BackChannel Conferencing: How to bring interactivity to the ‘sage on the stage’

Media | Access/Network
After a conference where one of the major themes is deliberation technologies, it’s not surprising to hear a few people reflect about the use of such technologies at said conference. For example, here’s Susan Crawford’s observation at the Votes, Bits, & Bytes conference:

 

It may be, however, that this crowd is impatient with anyone talking at the front of the room. We’re willing to listen for, oh, maybe 10 minutes — at the most. But after that we want to hear from other people in the room. We’re enjoying the IRC back-channel, we’re reading email — we’re all over the place.

Susan’s discussing the "sage on the stage" problem endemic to the academic. In many learning settings– whether it’s a conference, a workshop, a lecture, a call-in show, a press conference— there tends to be one or a few experts doing the talking, and a wide audience doing the listening and the occasional asking. That’s how the world works, top-down as it is sometimes. But that doesn’t mean we can’t make it better.

The bottleneck, of course, is in the number of useful questions to be asked. Unless it’s a crowd where the moderator has a fairly good rapport with the participants, it’s rare that the best questions will always be asked. To solve this we need to fully enhance the "back-channel."

Assume you’re sitting in the audience. You have a question. Write it down. And keep it short. It will be submitted, via whatever transmission handy, to a dedicated forum for the session. I call it a Question Scoreboard, which all the participants would be able to see, and furthermore, add a supportive score. Other participants may even be able to answer some of the obvious questions. A moderator should pick the best questions, and then call on the asker to stand up and ask them.

The end result is that the questions that get asked are the ones that most people agree should be asked, and the ones that can’t be answered by anybody else. The best questions will be the most succinct and to the point.

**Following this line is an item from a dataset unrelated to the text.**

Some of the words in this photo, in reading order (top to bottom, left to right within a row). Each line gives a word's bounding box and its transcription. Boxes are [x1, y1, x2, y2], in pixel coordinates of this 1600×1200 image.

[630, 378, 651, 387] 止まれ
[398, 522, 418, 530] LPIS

This will take a little bit more brain power to handle a few more multi-tasking for the typical "snore on the floor"– listening to speaker, writing a question, voting on others– and perhaps over time our heads will get even larger, and thus requiring more Caeasarian sections. As a member of Y-chromosome specimen of the homo sapiens, I will unhesitantly offer this technology to humankind.

It’s completely unnecessary for groups smaller than thirty. But it ought to scale to large numbers. Furthermore it can truly engage a remote audience, who will have just an equal chance to submit intelligent questions. Along with Distributed Media Monitoring, television can be an interactive medium at long last, and it will make live television worth watching.

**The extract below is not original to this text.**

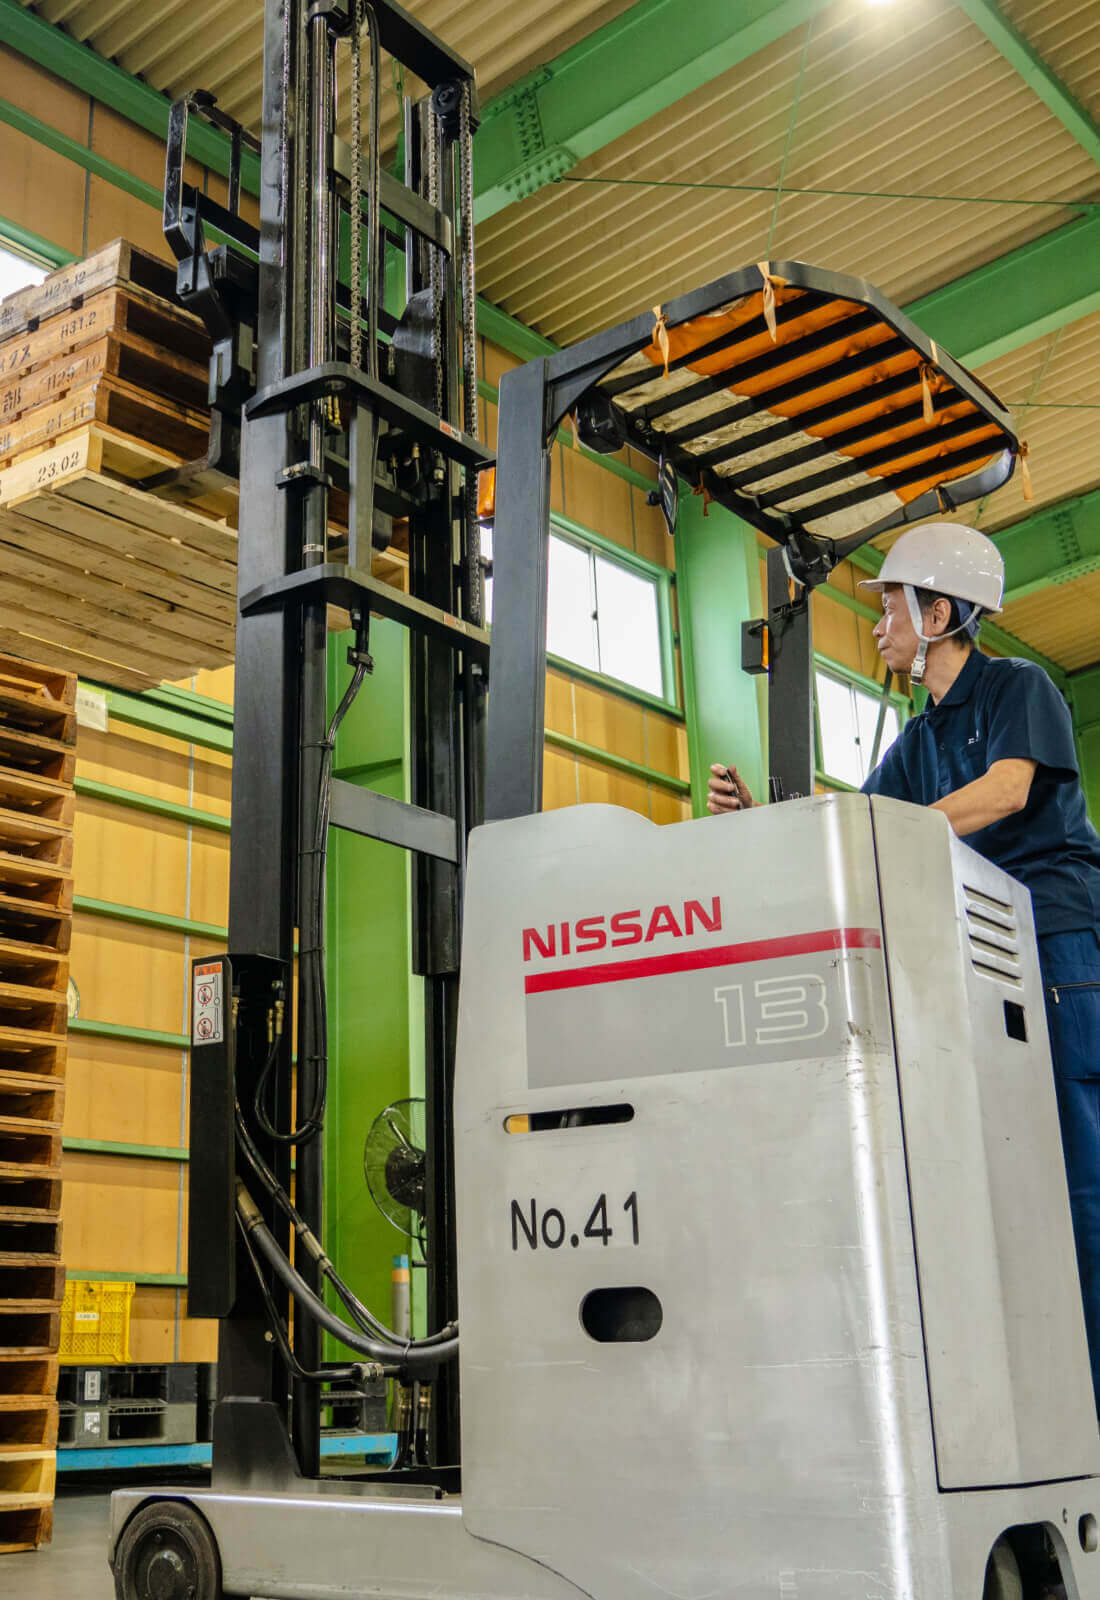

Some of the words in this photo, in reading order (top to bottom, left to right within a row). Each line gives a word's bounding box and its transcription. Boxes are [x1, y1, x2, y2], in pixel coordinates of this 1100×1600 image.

[37, 451, 79, 483] 23.02
[522, 896, 722, 961] NISSAN
[714, 973, 829, 1047] 13

I actually thought this idea up ten years ago, when Krumholz or somebody would needle Professor Uwe Reinhardt in McCosh 50 about some esoterica, but maybe we have the technology in place now. I now own a 5-year old Palm IIIe, which may get me halfway there, though it, to my knowledge, lacks a networking interface.


 

Update, November 20th 2005: The PDF conference in May experimenting with projecting the backchatter behind the presenters. Michael Cornfield ended up posting to PDF three months laters that Mrs. Manners didn’t approve. The ensuing discussion brought forth some other ideas as to how to "fine-tune" the concept.